The problem
Set the data down again, word for word, as it appears below.

Listed records
========

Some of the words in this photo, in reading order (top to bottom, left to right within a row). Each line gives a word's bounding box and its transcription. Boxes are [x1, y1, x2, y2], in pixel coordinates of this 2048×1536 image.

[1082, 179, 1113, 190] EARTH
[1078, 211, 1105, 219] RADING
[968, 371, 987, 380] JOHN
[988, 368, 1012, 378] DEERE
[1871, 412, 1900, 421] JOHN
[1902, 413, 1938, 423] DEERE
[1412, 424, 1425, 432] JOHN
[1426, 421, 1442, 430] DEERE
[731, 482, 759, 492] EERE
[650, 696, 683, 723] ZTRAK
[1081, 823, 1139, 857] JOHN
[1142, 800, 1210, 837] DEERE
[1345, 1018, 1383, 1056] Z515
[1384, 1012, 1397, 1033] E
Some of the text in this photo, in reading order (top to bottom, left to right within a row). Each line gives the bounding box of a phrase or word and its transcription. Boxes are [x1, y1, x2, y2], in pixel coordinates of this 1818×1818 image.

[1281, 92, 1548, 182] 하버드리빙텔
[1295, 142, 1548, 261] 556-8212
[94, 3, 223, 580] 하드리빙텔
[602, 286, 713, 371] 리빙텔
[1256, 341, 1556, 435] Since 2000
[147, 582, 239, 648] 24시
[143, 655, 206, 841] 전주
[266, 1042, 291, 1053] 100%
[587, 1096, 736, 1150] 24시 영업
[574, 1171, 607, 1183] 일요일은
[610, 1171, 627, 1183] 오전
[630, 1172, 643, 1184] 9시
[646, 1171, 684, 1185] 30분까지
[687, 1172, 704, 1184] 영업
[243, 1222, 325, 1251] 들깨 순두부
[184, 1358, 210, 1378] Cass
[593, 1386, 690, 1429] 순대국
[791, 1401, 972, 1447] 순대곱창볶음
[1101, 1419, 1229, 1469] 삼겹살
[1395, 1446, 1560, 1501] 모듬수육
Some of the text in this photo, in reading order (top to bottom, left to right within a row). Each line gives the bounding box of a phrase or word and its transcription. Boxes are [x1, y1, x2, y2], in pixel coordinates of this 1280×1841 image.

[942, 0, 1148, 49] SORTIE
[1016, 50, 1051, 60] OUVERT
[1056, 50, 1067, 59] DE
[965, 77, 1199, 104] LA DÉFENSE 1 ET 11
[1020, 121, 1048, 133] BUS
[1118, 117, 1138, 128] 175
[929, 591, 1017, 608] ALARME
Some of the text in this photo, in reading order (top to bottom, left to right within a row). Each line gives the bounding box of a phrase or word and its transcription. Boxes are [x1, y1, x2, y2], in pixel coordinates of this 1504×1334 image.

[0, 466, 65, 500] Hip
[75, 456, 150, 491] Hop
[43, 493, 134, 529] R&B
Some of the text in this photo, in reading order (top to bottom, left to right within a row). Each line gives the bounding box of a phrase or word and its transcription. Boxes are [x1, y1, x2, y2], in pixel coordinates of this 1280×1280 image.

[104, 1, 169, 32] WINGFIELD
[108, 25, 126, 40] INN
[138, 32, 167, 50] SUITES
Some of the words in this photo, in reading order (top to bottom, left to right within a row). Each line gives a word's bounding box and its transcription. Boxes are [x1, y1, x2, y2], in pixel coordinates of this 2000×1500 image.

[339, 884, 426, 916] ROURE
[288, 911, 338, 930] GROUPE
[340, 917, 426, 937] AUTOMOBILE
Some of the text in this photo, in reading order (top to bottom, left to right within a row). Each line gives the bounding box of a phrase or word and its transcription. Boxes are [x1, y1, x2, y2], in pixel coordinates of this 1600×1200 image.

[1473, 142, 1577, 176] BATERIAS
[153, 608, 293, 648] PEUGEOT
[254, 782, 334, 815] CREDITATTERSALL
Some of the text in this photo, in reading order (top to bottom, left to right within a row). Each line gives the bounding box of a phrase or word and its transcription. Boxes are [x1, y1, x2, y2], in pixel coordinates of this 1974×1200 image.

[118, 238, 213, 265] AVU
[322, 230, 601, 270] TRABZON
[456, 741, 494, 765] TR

========

Solution for this task
Some of the words in this photo, in reading order (top to bottom, left to right within a row). Each line gives a word's bounding box and its transcription. Boxes are [x1, y1, x2, y2], in pixel coordinates of this 2048×1536 image.

[1082, 179, 1113, 190] EARTH
[1078, 211, 1105, 219] RADING
[968, 371, 987, 380] JOHN
[988, 368, 1012, 378] DEERE
[1871, 412, 1900, 421] JOHN
[1902, 413, 1938, 423] DEERE
[1412, 424, 1425, 432] JOHN
[1426, 421, 1442, 430] DEERE
[731, 482, 759, 492] EERE
[650, 696, 683, 723] ZTRAK
[1081, 823, 1139, 857] JOHN
[1142, 800, 1210, 837] DEERE
[1345, 1018, 1383, 1056] Z515
[1384, 1012, 1397, 1033] E
Some of the text in this photo, in reading order (top to bottom, left to right within a row). Each line gives the bounding box of a phrase or word and its transcription. Boxes are [x1, y1, x2, y2], in pixel coordinates of this 1818×1818 image.

[1281, 92, 1548, 182] 하버드리빙텔
[1295, 142, 1548, 261] 556-8212
[94, 3, 223, 580] 하드리빙텔
[602, 286, 713, 371] 리빙텔
[1256, 341, 1556, 435] Since 2000
[147, 582, 239, 648] 24시
[143, 655, 206, 841] 전주
[266, 1042, 291, 1053] 100%
[587, 1096, 736, 1150] 24시 영업
[574, 1171, 607, 1183] 일요일은
[610, 1171, 627, 1183] 오전
[630, 1172, 643, 1184] 9시
[646, 1171, 684, 1185] 30분까지
[687, 1172, 704, 1184] 영업
[243, 1222, 325, 1251] 들깨 순두부
[184, 1358, 210, 1378] Cass
[593, 1386, 690, 1429] 순대국
[791, 1401, 972, 1447] 순대곱창볶음
[1101, 1419, 1229, 1469] 삼겹살
[1395, 1446, 1560, 1501] 모듬수육
Some of the text in this photo, in reading order (top to bottom, left to right within a row). Each line gives the bounding box of a phrase or word and its transcription. Boxes are [x1, y1, x2, y2], in pixel coordinates of this 1280×1841 image.

[942, 0, 1148, 49] SORTIE
[1016, 50, 1051, 60] OUVERT
[1056, 50, 1067, 59] DE
[965, 77, 1199, 104] LA DÉFENSE 1 ET 11
[1020, 121, 1048, 133] BUS
[1118, 117, 1138, 128] 175
[929, 591, 1017, 608] ALARME
Some of the text in this photo, in reading order (top to bottom, left to right within a row). Each line gives the bounding box of a phrase or word and its transcription. Boxes are [x1, y1, x2, y2], in pixel coordinates of this 1504×1334 image.

[0, 466, 65, 500] Hip
[75, 456, 150, 491] Hop
[43, 493, 134, 529] R&B
Some of the text in this photo, in reading order (top to bottom, left to right within a row). Each line gives the bounding box of a phrase or word and its transcription. Boxes are [x1, y1, x2, y2], in pixel coordinates of this 1280×1280 image.

[104, 1, 169, 32] WINGFIELD
[108, 25, 126, 40] INN
[138, 32, 167, 50] SUITES
Some of the words in this photo, in reading order (top to bottom, left to right within a row). Each line gives a word's bounding box and its transcription. Boxes are [x1, y1, x2, y2], in pixel coordinates of this 2000×1500 image.

[339, 884, 426, 916] ROURE
[288, 911, 338, 930] GROUPE
[340, 917, 426, 937] AUTOMOBILE
Some of the text in this photo, in reading order (top to bottom, left to right within a row). Each line gives the bounding box of a phrase or word and its transcription. Boxes are [x1, y1, x2, y2], in pixel coordinates of this 1600×1200 image.

[1473, 142, 1577, 176] BATERIAS
[153, 608, 293, 648] PEUGEOT
[254, 782, 334, 815] CREDITATTERSALL
Some of the text in this photo, in reading order (top to bottom, left to right within a row). Each line gives the bounding box of a phrase or word and its transcription. Boxes are [x1, y1, x2, y2], in pixel coordinates of this 1974×1200 image.

[118, 238, 213, 265] AVU
[322, 230, 601, 270] TRABZON
[456, 741, 494, 765] TR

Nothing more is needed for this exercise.